Springing into AI - Part 3: Prompt Engineering
Welcome back. In Part 2 of the series, we looked at Large Language Model (LLM) that forms the backbone of GenAI applications. In this post, we continue our journey further by looking at Prompt Engineering. This is extremly useful as it would dictate how effectivly we can communicate with the underlying LLM for it to provide us contextually relevant information that is ccoherent to the user request.
Prompt Engineering
Communication forms an integral part of our daily lives. For them to be effective, we usually try to be varying in the quality of conversations taking place, find ourselves either specific, verbose, vague, etc. Based on how we communicate, we often get the response from the other person in same way, or sometimes in response of "I didn't understand" or "what do you mean" kind of vibe. Communicating with a LLM is no different when it comes to AI applications. The end user presents a prompt (in form of textual representation) to the application such as ChatGPT, which intern presents the prompt as tokens (previously discussed in Part 2) to the model for it to provide a response. The proverb "What yhou reap, so shall you sow", resonates strongly here to the response provided by LLM, as it tries do its best to act on what it is being presented. The figure below provides certain characterstics (left) of a good prompt, and list of techniques (right) that can be adopted for effective prompting.
Effective Prompting
As discussed above, the LLM can only act on what is being requested of it. The quality of what we are trying to get out of it is determined by the quality of our prompt. Some of the characteristics that can help us create a good prompt are:
- Context: Providing context in the prompt to the LLM on what we are requesting can be of a great help as it can narrow down on its knowledge base operation to provide meaningful response. This also helps steer the model in a certain direction. A typical bad example of a prompt here can be "Help me plan go on holiday trip". The LLM would not know where you want to go, how you want to go, when you want to go, etc. This could be much better if provide some context. A better example for the one mentioned can be something like "Help me plan a holiday trip to India in the starting of December for a month, where I want a stop over flight in either Dubai or Ethopia".

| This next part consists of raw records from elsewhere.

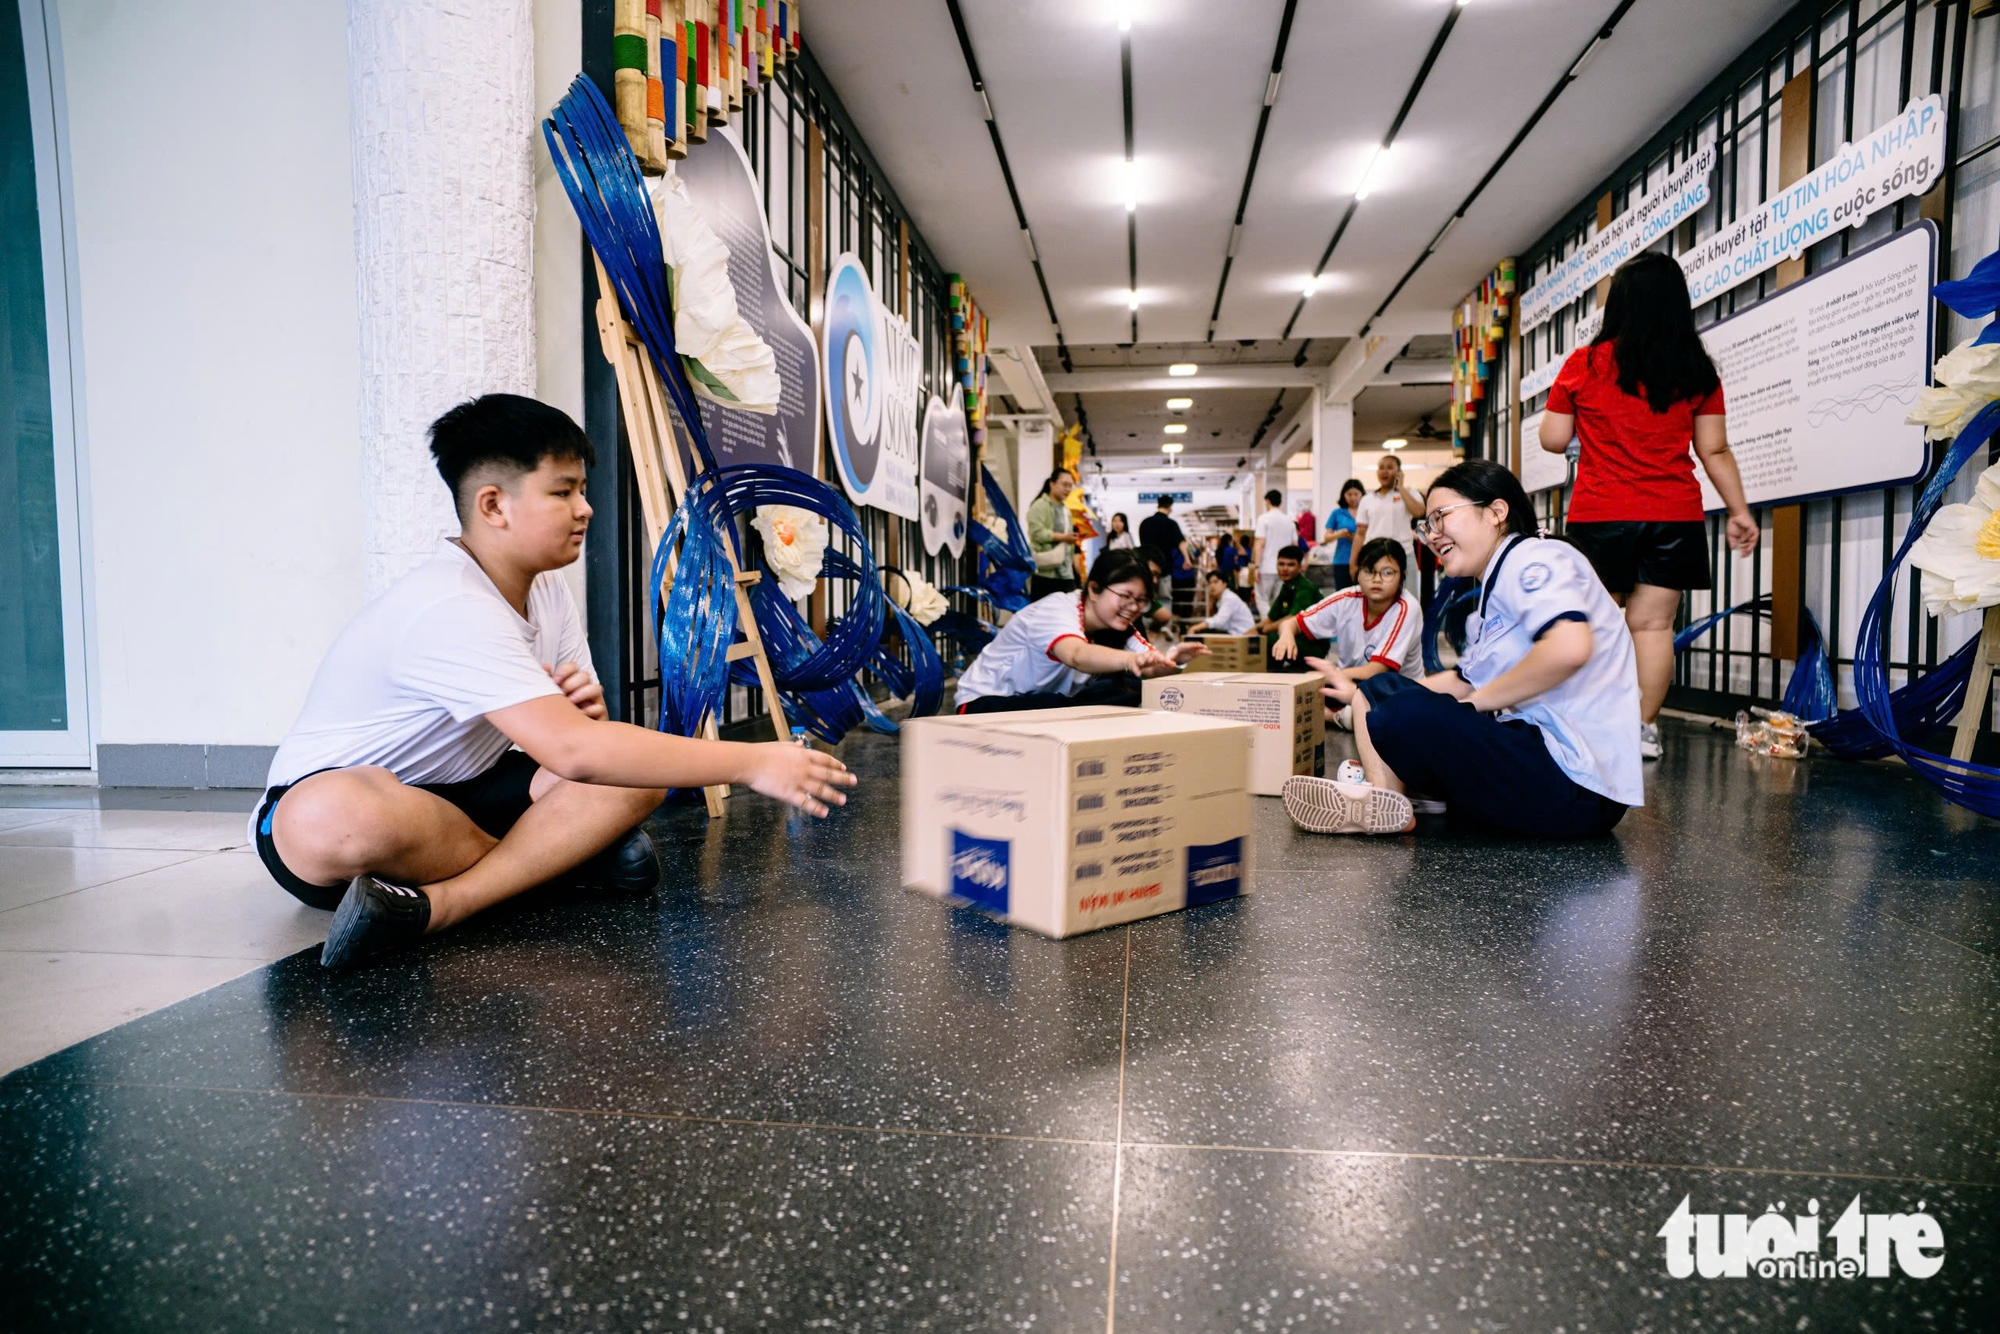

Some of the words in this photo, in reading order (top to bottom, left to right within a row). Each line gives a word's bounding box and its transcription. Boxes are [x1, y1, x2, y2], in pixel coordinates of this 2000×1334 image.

[1586, 243, 1599, 260] của
[1611, 219, 1624, 242] hội
[1626, 209, 1635, 229] về
[1637, 189, 1661, 222] người
[1663, 161, 1693, 202] khuyết
[1697, 150, 1711, 175] tật
[1600, 241, 1628, 270] TRỌNG
[1630, 233, 1641, 252] và
[1642, 209, 1671, 243] CÔNG
[1673, 183, 1706, 221] BẰNG.
[1684, 248, 1706, 280] gười
[1708, 222, 1746, 263] khuyết
[1750, 211, 1768, 240] tật
[1772, 193, 1791, 224] TỰ
[1794, 176, 1820, 210] TIN
[1825, 150, 1866, 193] HÒA
[1871, 105, 1937, 165] NHẬP,
[1704, 264, 1731, 294] CAO
[1734, 240, 1770, 277] CHẤT
[1773, 208, 1829, 255] LƯỢNG
[1833, 186, 1876, 222] cuộc
[1881, 156, 1935, 197] sống.
[1870, 320, 1891, 335] nguyện
[1892, 315, 1905, 326] viên
[1905, 309, 1920, 321] Vượt

- Instruction: Input that we provide to the foundation model asking it to help us generate output based on what we ask of it. There are different prompting techniques that can be applied here. Most commonly used are:
- Zero Shot Prompting: This is as simple as asking the model directly for an output based on the input we provide. Example: "Please help me understand fundamentals of calculus". This is a very direct form of prompt and can be vague at times. It is perfect for use case where we just want something quick, and don't care much about the diversity of the response presented.

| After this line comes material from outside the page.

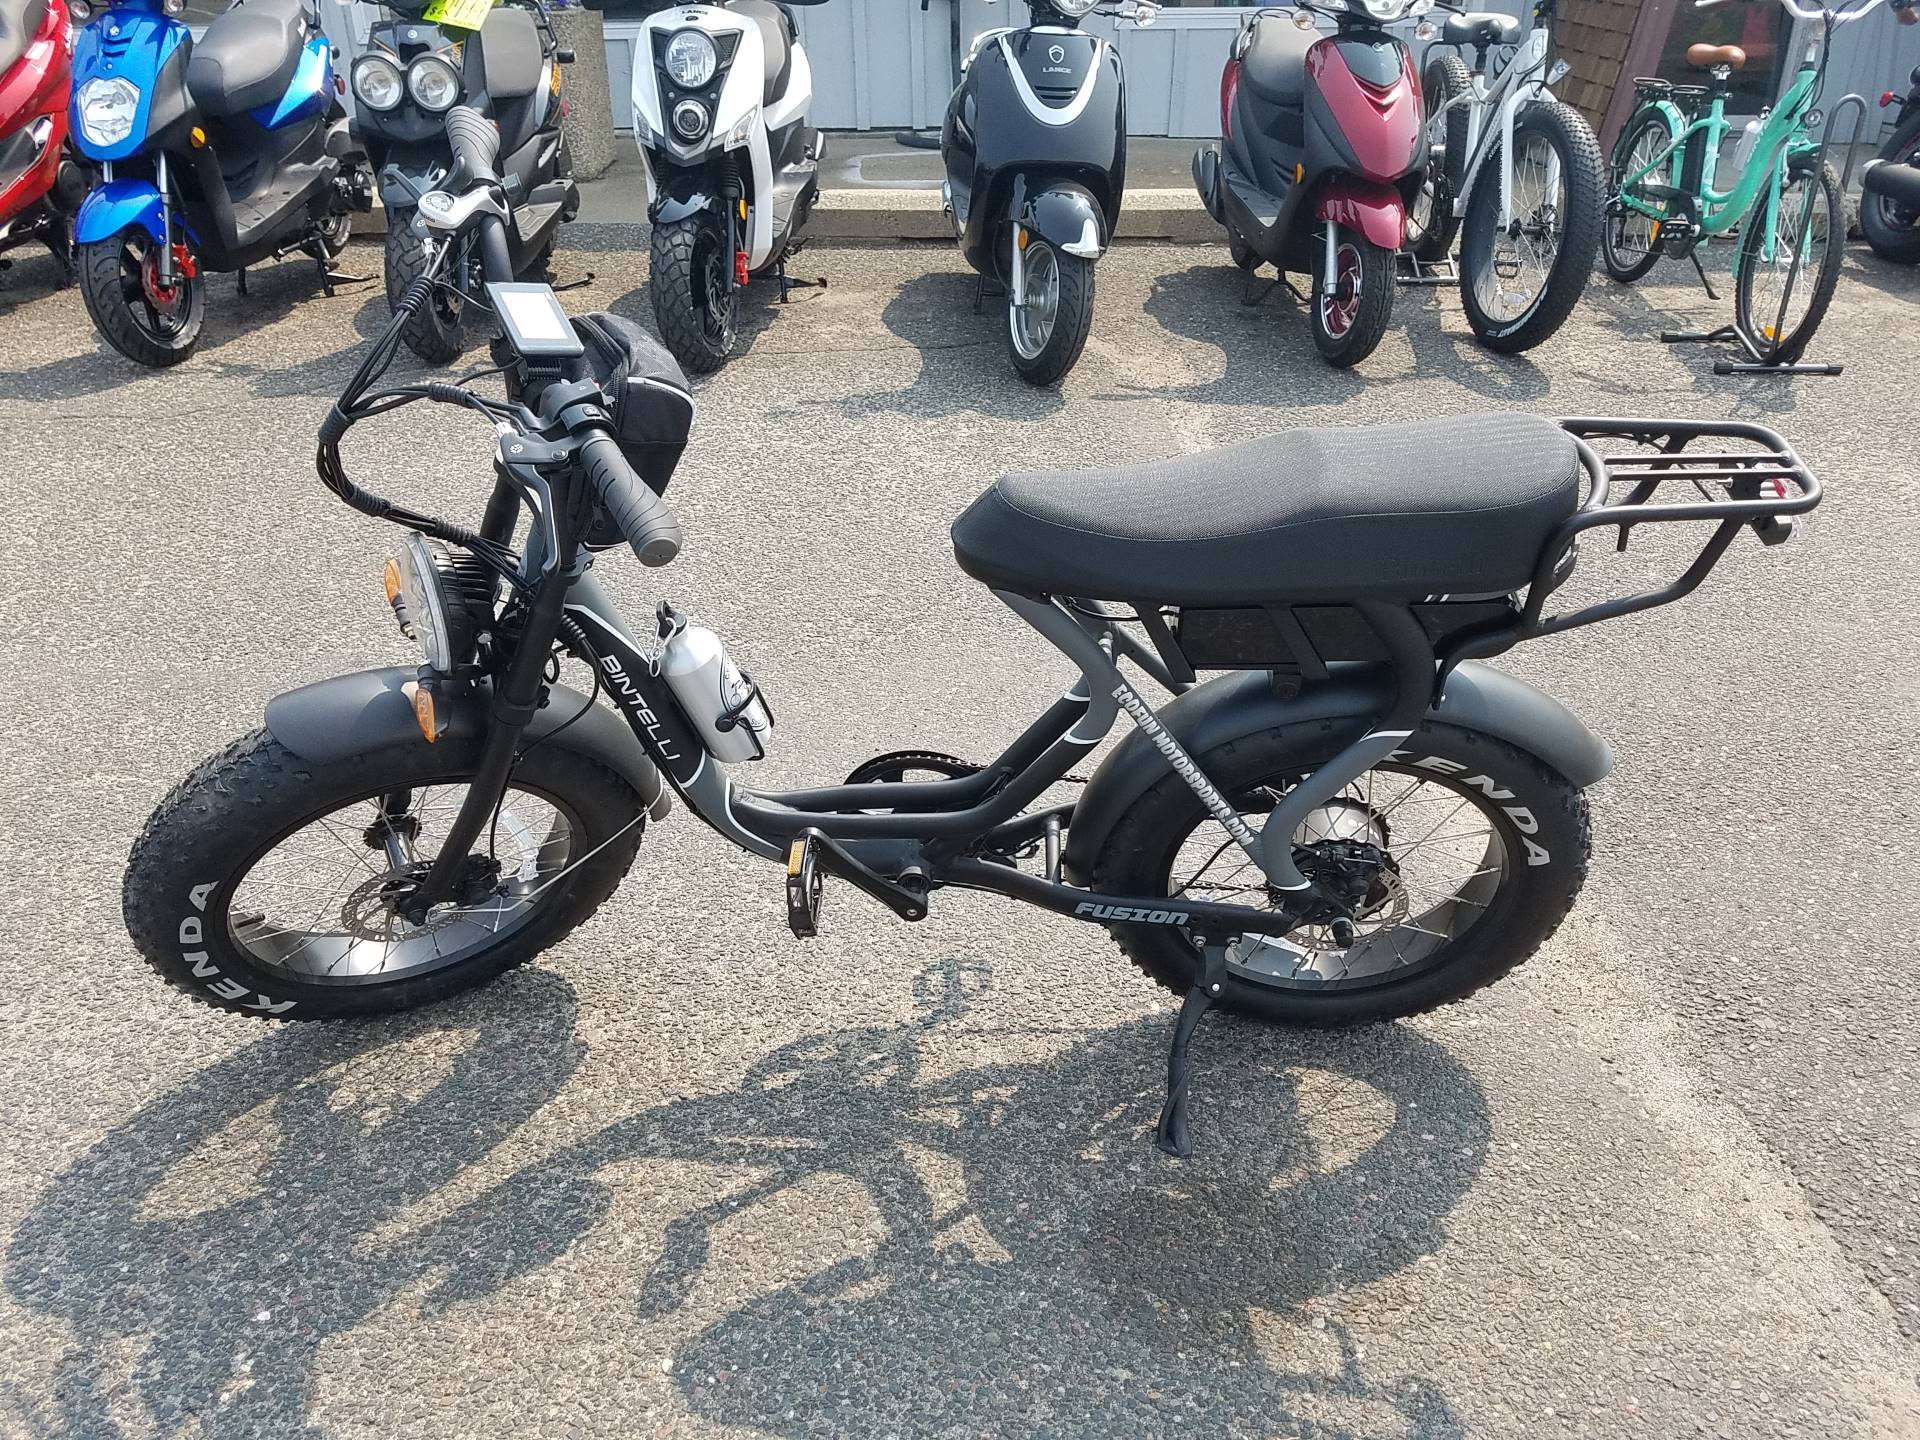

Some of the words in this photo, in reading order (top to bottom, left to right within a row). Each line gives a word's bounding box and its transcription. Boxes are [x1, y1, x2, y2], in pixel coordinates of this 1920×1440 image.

- Few Shot Prompting: We polish our prompt a bit more here where we present it some examples for the LLM to understand of exactly what we looking for. An example could be "Please help me understand the process of ordering food at restaurant. Help me understand this better in something like Example 1: Ask the waiter for the menu if not presented already, make your selection and present it to the waiter. Example 2: Ask the waiter for chef's special, and if any recommendations they would suggest, and confirm that with water". This is good for use cases where we may have kind of an idea, but want to understand it much better.
- Iteative Prompting: This technique is done over a few iterations, where we constantly provide prompts to the model asking it to refine its previous response one after another till we are satisfied with the final prompt that we could use for our use case. A typical example of this can be in conversational chat bots where say we trying to understand a concept of sciene as an example, and constantly asking it to better its response by giving more specificities every step of the way.

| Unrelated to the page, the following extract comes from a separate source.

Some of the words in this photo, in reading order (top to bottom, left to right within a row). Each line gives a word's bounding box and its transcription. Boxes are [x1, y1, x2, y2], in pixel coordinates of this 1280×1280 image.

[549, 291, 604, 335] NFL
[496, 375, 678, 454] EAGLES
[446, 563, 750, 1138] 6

- System Prompting: This is means of prompting where we help steer the model in a certain direction to narrow down its scope of operation. A typical example could be something like "You are an e-commerce order management support agent that is responsible for helping the end users with their queries in regards to the order information and pricing. If anything else besides that is being requested kindly respond back in kind with response of I am only able to offer my service for user order, and cannot cater to any other request". This is good for use cases where we want to say narrow the user operation to only information about a specific entity, such as business information chat bot, etc.
- Chain of Thought: In this type of prompting technique, we let the model reason its output and present it to us in a step by step format. An example could be "I am newbie developing a website, help me build an address form. Please present me instruction(s) in step by step format that is easier for a novice to follow in sequential way. It should list everything from what all I require to get started, to what I need to do to run the project, to resolve dependencies".
- Negative Prompting: Much like System Prompting, but here we basically bounding the constrains of the prompt to be limited to a certain behavior letting them know what the model is not capable of doing.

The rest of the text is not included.